Turning Back the Cellular Clock

Cell reprogramming calls The Curious Case of Benjamin Button to mind.

It's a new technology that uses molecular therapy to coax adult cells to revert to an embryonic stem cell-like state, allowing scientists to later re-differentiate these cells into specific types with the potential to treat heart attacks or diseases such as Parkinson's. But at this point in the technology's development, only one percent of cells are successfully being reprogrammed.

Now, for the first time, scientists at Tel Aviv University in collaboration with researchers at Harvard University have succeeded in tracking the progression of these cells through live imaging to learn more about how they are reprogrammed, and how the new cells evolve over time.

Dr. Iftach Nachman of TAU's Department of Biochemistry says that this represents a huge stride forward. It will not only allow researchers to develop techniques and choose the right cells for replacement therapy, increasing the efficiency of cell reprogramming, but will give invaluable insight into how these cells will eventually react in the human body. Results from the research project were recently published in the journal Nature Biotechnology.

Looking at your cell's family tree

Dr. Nachman and his fellow researchers used flourescent markers to develop their live imaging approach.
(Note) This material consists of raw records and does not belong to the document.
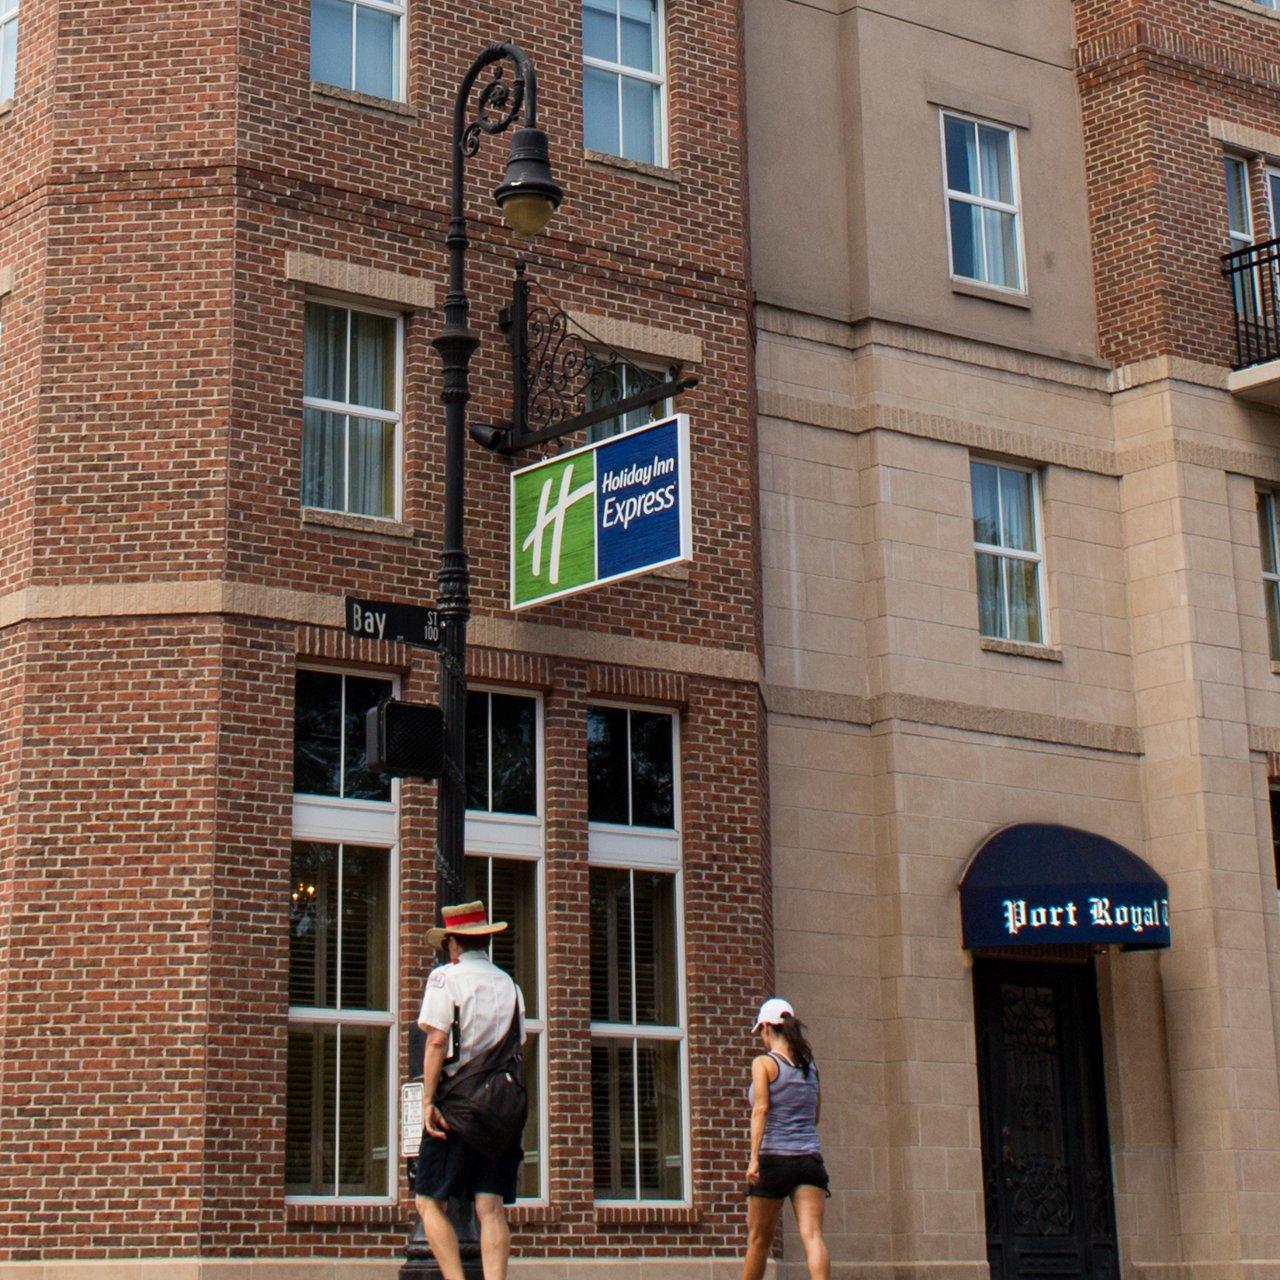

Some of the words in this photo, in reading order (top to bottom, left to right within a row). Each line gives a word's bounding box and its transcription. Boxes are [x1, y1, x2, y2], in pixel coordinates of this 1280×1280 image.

[602, 463, 652, 493] Holiday
[652, 455, 675, 477] Inn
[602, 484, 675, 530] Express
[353, 603, 386, 640] Bay
[427, 611, 438, 626] ST
[424, 625, 439, 640] 100
[1002, 899, 1077, 934] Port
[1088, 897, 1160, 932] Royal
During the reprogramming process, the team was able to visually track whole lineages of a cell population from their single-cell point of origin.

Cell lineage proved to be crucial for predicting how the cells would behave and whether or not they could be reprogrammed successfully, says Dr. Nachman. “By combining quantitative analysis of the data, we were able to see that these 'decisions' are made very early on. We analyzed the cells over time, and we were able to detect subtle changes that occur as early as the first or second day in a long, two-week process.”

This is the first time that scientists have looked within a cell population to determine why some cells successfully reprogram while most fail or die along the way. The state in which cells enter the reprogramming process are thought to have an impact on the outcome.

Nature in reverse

Scientists are only beginning to understand this enigmatic process, which reverses nature by causing cells to regress back to their embryonic stage. Increased knowledge of how reprogramming cells proliferate will allow scientists to develop better real-life therapies and reduce risk to patients, says Dr. Nachman.

While embryonic stem cells culled from live embryos can be manipulated to become new “replacement” tissues such as nerve or heart cells, these reprogrammed stem cells from adults represent a safer and ethically more responsible approach, some scientists believe.

The next step for Dr. Nachman and his team is research into specific cell-type characteristics before adult cells even enter the reprogramming process. They will try to discover the molecular markers that differentiate between cells that successfully reprogram and those that do not. Several projects in their lab are now attempting to track different cell types and how they change under live imaging.